During his tenure, Charles Sanders helped create a lottery in North Carolina, handled ethics questions surrounding the approval
of the games and watched three other commissioners give up their seats.
Gov. Mike Easley appointed Sanders to a one-year term that expired Aug. 31. In a message released by the North Carolina Education
Lottery on Tuesday, Sanders said he told Easley at the time of his appointment that he planned only to serve for a year.
"I am proud the funds generated by the lottery are adding to the existing commitment of North Carolina to the education of
its students," Sanders said in the message, warning that "the people of North Carolina must guard to insure that these funds
are truly additive and not supplanting existing funds in the years ahead."
Sanders, a former chief executive officer of pharmaceutical giant Glaxo Inc., helped the commission hire lottery director
Tom Shaheen in December, four months before the first tickets were sold.

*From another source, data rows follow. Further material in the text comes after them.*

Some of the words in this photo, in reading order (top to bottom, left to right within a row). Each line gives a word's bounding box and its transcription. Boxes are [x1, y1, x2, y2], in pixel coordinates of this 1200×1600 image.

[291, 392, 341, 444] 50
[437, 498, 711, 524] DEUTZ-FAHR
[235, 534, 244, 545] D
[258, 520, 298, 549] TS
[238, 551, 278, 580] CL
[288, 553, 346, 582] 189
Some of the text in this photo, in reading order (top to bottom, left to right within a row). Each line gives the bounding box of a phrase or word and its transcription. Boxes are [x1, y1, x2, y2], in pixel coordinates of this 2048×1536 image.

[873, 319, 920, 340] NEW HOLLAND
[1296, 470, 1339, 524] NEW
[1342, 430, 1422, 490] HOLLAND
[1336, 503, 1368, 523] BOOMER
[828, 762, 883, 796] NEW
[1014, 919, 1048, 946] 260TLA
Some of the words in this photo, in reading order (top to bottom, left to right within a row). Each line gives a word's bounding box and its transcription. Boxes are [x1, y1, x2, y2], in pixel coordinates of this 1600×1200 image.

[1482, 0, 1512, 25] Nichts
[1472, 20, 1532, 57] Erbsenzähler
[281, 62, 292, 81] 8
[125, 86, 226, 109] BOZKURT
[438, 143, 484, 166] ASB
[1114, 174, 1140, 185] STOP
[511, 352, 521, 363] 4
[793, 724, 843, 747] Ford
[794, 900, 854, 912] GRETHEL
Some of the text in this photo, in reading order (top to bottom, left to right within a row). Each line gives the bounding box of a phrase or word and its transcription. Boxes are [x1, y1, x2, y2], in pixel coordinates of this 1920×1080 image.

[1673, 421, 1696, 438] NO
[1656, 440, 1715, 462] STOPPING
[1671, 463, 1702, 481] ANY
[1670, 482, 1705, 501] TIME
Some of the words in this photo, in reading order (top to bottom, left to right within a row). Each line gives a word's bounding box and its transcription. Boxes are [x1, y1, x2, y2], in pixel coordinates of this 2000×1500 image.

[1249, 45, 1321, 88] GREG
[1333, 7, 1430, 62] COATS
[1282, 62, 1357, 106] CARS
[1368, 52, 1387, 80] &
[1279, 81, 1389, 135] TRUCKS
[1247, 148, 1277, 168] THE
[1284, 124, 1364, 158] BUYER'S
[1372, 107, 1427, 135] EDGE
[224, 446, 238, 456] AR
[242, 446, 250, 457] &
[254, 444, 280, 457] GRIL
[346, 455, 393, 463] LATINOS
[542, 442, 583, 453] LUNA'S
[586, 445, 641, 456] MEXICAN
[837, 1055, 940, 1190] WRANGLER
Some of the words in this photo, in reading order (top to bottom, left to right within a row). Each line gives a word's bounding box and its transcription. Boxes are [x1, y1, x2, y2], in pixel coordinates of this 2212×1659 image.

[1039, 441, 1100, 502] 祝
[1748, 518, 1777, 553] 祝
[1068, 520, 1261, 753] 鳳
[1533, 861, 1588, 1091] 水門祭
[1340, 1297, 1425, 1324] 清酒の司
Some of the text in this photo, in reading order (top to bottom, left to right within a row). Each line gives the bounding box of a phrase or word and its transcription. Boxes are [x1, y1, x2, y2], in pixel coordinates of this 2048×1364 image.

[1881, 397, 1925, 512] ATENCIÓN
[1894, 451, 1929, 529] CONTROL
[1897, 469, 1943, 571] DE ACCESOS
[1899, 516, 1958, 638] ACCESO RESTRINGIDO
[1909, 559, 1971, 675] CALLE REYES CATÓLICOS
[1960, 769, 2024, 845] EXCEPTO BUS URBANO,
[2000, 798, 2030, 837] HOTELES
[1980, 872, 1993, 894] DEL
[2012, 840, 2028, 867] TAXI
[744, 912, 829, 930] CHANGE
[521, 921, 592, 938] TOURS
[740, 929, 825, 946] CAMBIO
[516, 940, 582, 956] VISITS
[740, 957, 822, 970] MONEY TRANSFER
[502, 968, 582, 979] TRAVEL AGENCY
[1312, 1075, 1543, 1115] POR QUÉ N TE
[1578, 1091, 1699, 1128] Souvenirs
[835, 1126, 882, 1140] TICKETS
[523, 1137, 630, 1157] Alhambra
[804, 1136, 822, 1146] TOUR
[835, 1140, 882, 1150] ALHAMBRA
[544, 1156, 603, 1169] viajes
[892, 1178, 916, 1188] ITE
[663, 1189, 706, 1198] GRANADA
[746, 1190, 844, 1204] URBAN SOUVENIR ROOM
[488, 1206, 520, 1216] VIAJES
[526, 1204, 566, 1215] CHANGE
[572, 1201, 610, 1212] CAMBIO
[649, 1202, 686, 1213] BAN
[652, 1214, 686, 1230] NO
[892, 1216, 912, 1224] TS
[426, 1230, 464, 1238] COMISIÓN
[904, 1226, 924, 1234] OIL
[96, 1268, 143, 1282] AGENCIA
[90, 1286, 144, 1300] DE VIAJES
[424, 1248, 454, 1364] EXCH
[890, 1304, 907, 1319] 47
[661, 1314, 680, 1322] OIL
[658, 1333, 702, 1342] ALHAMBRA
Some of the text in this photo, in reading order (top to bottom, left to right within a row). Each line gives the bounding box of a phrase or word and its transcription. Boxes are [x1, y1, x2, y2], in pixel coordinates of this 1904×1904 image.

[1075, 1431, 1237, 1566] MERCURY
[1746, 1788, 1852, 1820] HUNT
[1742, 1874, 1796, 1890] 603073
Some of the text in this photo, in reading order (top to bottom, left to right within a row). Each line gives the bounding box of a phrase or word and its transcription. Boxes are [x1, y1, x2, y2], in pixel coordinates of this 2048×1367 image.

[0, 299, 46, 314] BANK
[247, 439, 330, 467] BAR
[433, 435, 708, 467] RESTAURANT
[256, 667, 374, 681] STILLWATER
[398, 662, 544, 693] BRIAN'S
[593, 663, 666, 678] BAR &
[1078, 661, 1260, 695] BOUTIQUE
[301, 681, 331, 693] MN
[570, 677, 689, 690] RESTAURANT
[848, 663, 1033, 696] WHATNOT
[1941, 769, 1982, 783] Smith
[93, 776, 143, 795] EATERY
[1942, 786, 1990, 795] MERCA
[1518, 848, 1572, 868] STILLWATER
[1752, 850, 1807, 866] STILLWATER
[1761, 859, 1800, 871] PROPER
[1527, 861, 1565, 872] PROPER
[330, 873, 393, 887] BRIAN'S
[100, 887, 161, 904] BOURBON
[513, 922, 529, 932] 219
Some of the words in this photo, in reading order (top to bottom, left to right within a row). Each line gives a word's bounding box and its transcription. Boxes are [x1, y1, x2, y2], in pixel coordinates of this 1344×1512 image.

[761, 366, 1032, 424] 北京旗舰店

Kevin Geddings, a former lottery commissioner who resigned just before his financial ties to lottery company Scientific Games
International were made public, was indicted in May on nine federal counts of mail and wire fraud. Prosecutors said he misled
state officials by not reporting that his consulting firm received nearly $230,000 between 2001 and 2005 either from Scientific
Games or a company it later acquired.
Geddings was appointed by House Speaker Jim Black. Meredith Norris, a former political aide to Black, is accused of violating
state lobbying law by working for Scientific Games during last year's debate over creation of the state lottery and not registering
as a lobbyist. At the time, she worked as Black's unpaid political director.